As Eugénie flees Paris, so does Benedetto. He stops overnight at an inn in the town of Compiègne, but oversleeps and wakes up to find gendarmes milling around the hotel. Benedetto attempts to escape through the chimney of his room. Once on the roof, he must go down through another chimney, and he chooses the only one not emitting smoke. The room at the bottom of this chimney happens to be where Eugénie and Louise are staying. They give the alarm, and Benedetto is seized.
Madame Danglars approaches Villefort, and she requests that he not pursue the case against Andrea Cavalcanti. For the sake of her family’s dignity, Madame Danglars begs that Villefort simply make the affair go away. He rigidly refuses. At the end of their meeting, news comes that Cavalcanti has been arrested.
Valentine has been sick for four days. On the fourth night, she sees a figure approach her bed.

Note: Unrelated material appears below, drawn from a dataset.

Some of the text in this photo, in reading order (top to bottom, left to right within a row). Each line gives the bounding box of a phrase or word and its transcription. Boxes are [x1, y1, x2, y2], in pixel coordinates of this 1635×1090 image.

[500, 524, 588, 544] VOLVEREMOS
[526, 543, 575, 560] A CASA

It is Monte Cristo, who explains that he has been keeping constant watch over her from his window next door. Whenever Monte Cristo sees poison put into her glass he enters her room, as he has done just now, and replaces the deadly contents with curative ones. Monte Cristo advises Valentine to pretend that she is asleep, then watch and wait in order to see who is trying to kill her.

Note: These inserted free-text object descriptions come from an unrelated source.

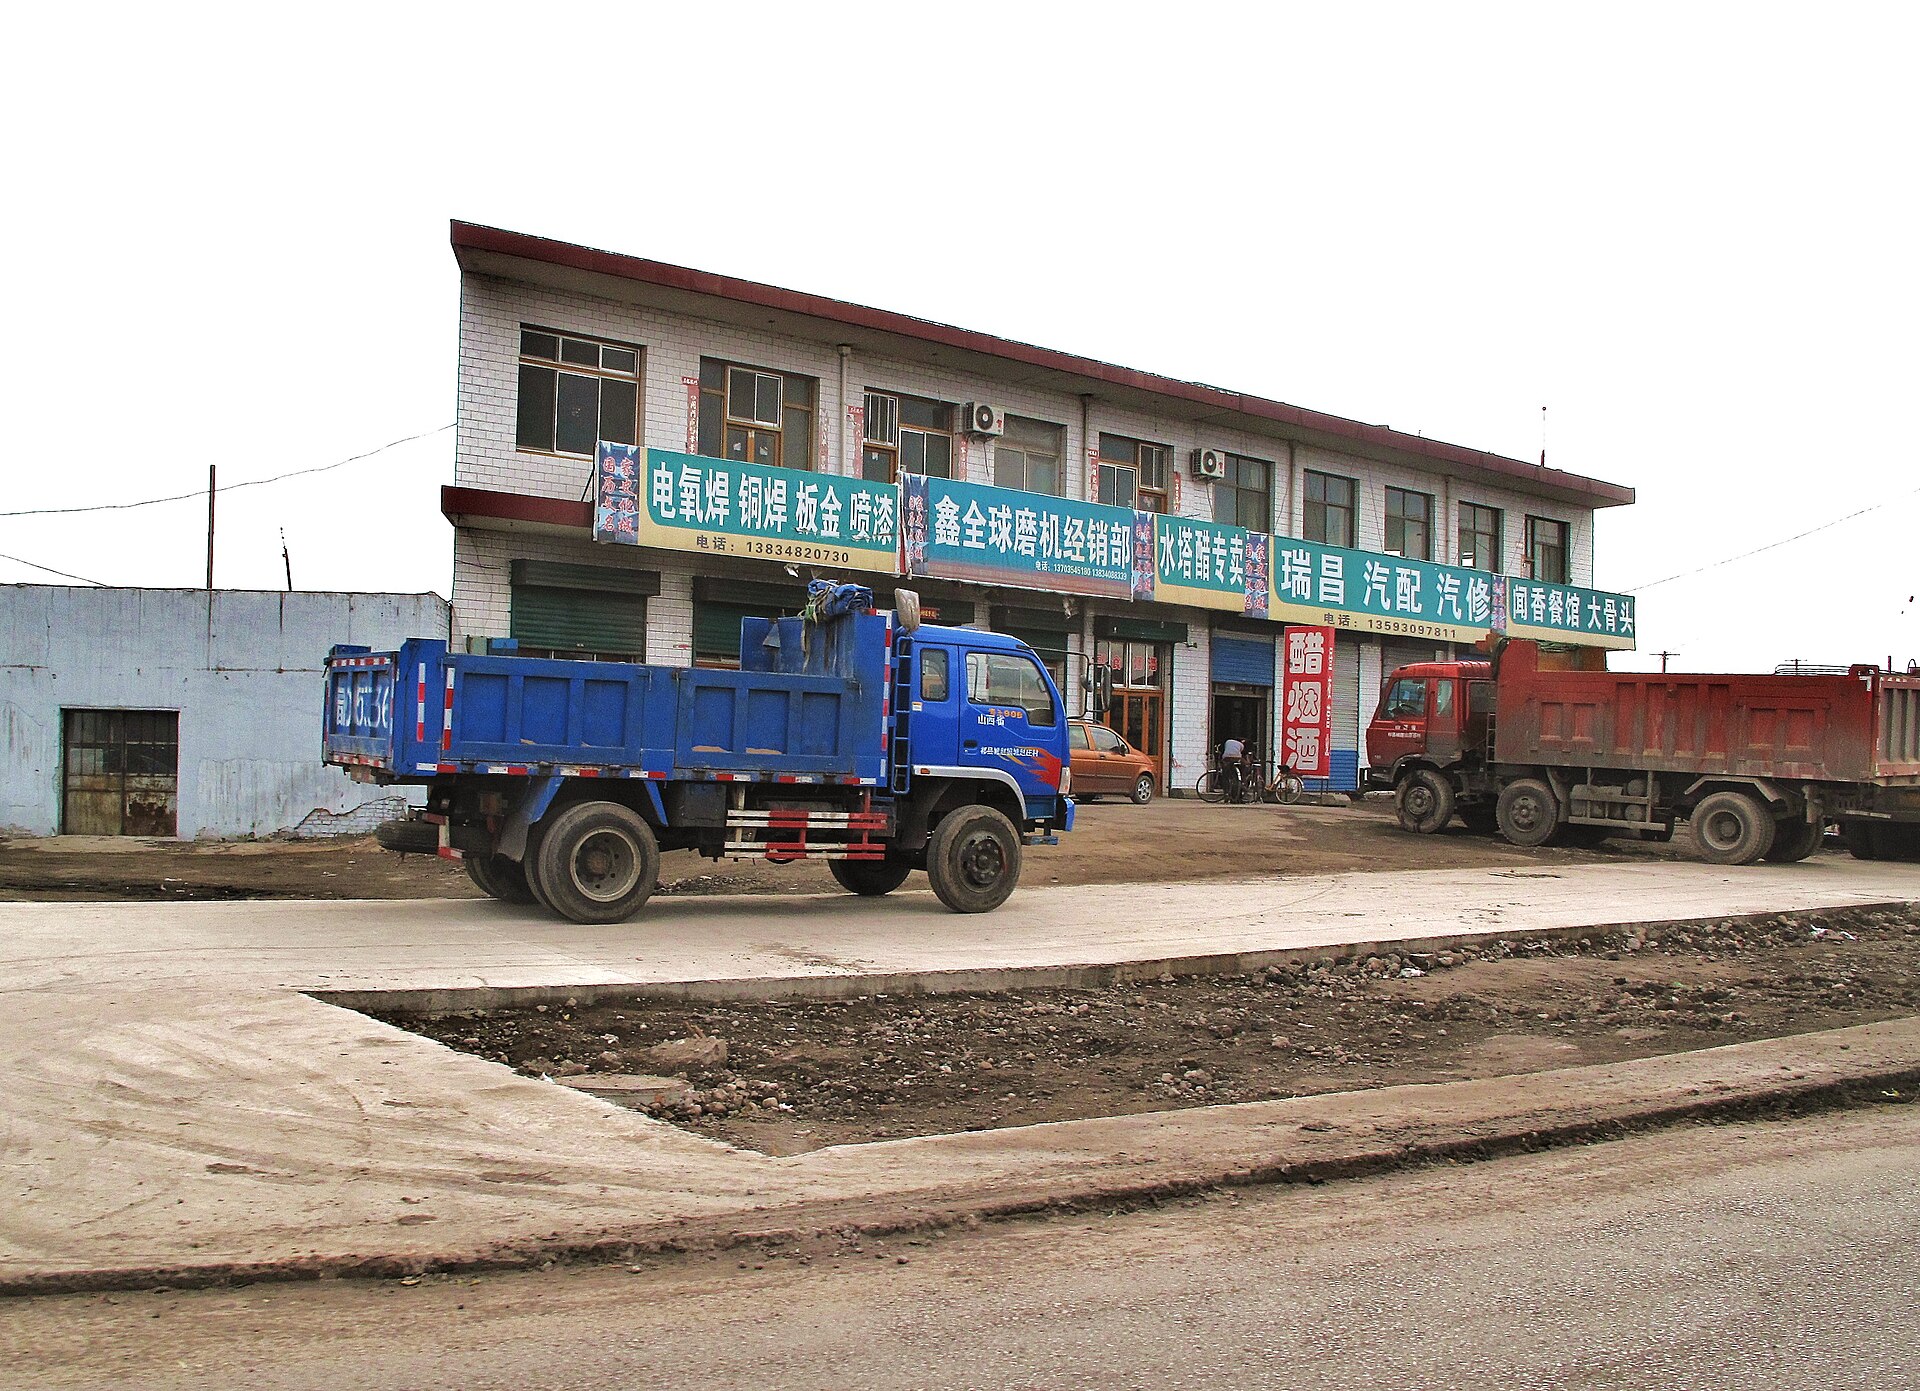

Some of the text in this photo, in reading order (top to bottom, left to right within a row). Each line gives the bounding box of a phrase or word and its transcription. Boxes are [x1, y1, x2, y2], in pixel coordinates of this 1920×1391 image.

[603, 456, 635, 476] 国家
[601, 475, 637, 497] 历史
[601, 496, 635, 513] 文化
[652, 461, 895, 546] 电氧焊 铜焊 板金 喷漆
[604, 515, 635, 536] 名城
[934, 494, 1132, 570] 鑫全球磨机经销部
[696, 534, 850, 563] 电话： 13834820730
[1159, 523, 1244, 586] 水塔醋专卖
[1280, 548, 1345, 605] 瑞昌
[1362, 560, 1422, 614] 汽配
[1436, 572, 1491, 622] 汽修
[1512, 584, 1580, 628] 闻香餐馆
[1587, 596, 1634, 634] 大骨头
[1323, 612, 1457, 639] 电话： 13593097811
[1286, 631, 1325, 771] 醋烟酒
[977, 713, 1006, 726] 山西省

Valentine does as Monte Cristo says, and sees Madame de Villefort enter her room and pour poison into her glass. When Monte Cristo returns, Valentine expresses complete bafflement as to her stepmother’s motive. Monte Cristo explains that Madame de Villefort wants Valentine’s inheritance to go to Edward, Madame de Villefort’s son. The saintly Valentine’s first emotion is pity for Edward for having such ghastly crimes committed in his name. As Valentine is emotionally unable to denounce her stepmother, Monte Cristo hatches another plan to expose the murderess. He tells Valentine that no matter what happens she must trust him. He then gives her a tiny pill, which she swallows as he watches.

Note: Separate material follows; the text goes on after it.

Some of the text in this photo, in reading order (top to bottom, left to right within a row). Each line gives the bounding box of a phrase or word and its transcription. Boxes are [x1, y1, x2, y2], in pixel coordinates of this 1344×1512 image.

The news of Maximilian’s love for Valentine has a profound effect on Monte Cristo, setting the scene for an emotional rebirth that is completed several chapters later. In response to Maximilian’s admission, Monte Cristo “close[s] his eyes, as if dazzled by internal light.” This reference to an “internal light” suggests a sudden epiphany. Maximilian’s love for Valentine opens up a possibility that Monte Cristo has never bothered to consider—that Valentine is innocent and does not deserve to die for her father’s crimes. Until now, he has thought of Valentine as a placeholder, the child of Villefort, the “daughter of an accursed race.” He is now forced to acknowledge that she is an independent, good person, bound up in her own life and in the lives of other good people. Though at this point Monte Cristo is still a firm believer in the justice of his cause, this episode is the first indication that he might not have quite enough knowledge to pull off his scheme perfectly. We see that he does not know everything about the people who will be affected by his actions.
Danglars and Benedetto, who are nearly joined as father and son-in-law, make a surprisingly well-suited unit. They share many of the same pathologies, caring about nothing except for money and willing to betray anyone who stands in their way of personal fortune. Danglars has no more qualms about selling Eugénie into a loveless marriage than he has earlier about sending Dantès to a life in prison. Benedetto, for his part, has been capable of torturing and killing the woman who raised him for the sake of a few gold coins. He has also showed readiness to kill the man he thinks is his father—Monte Cristo—in order to receive what he expects to be a vast inheritance.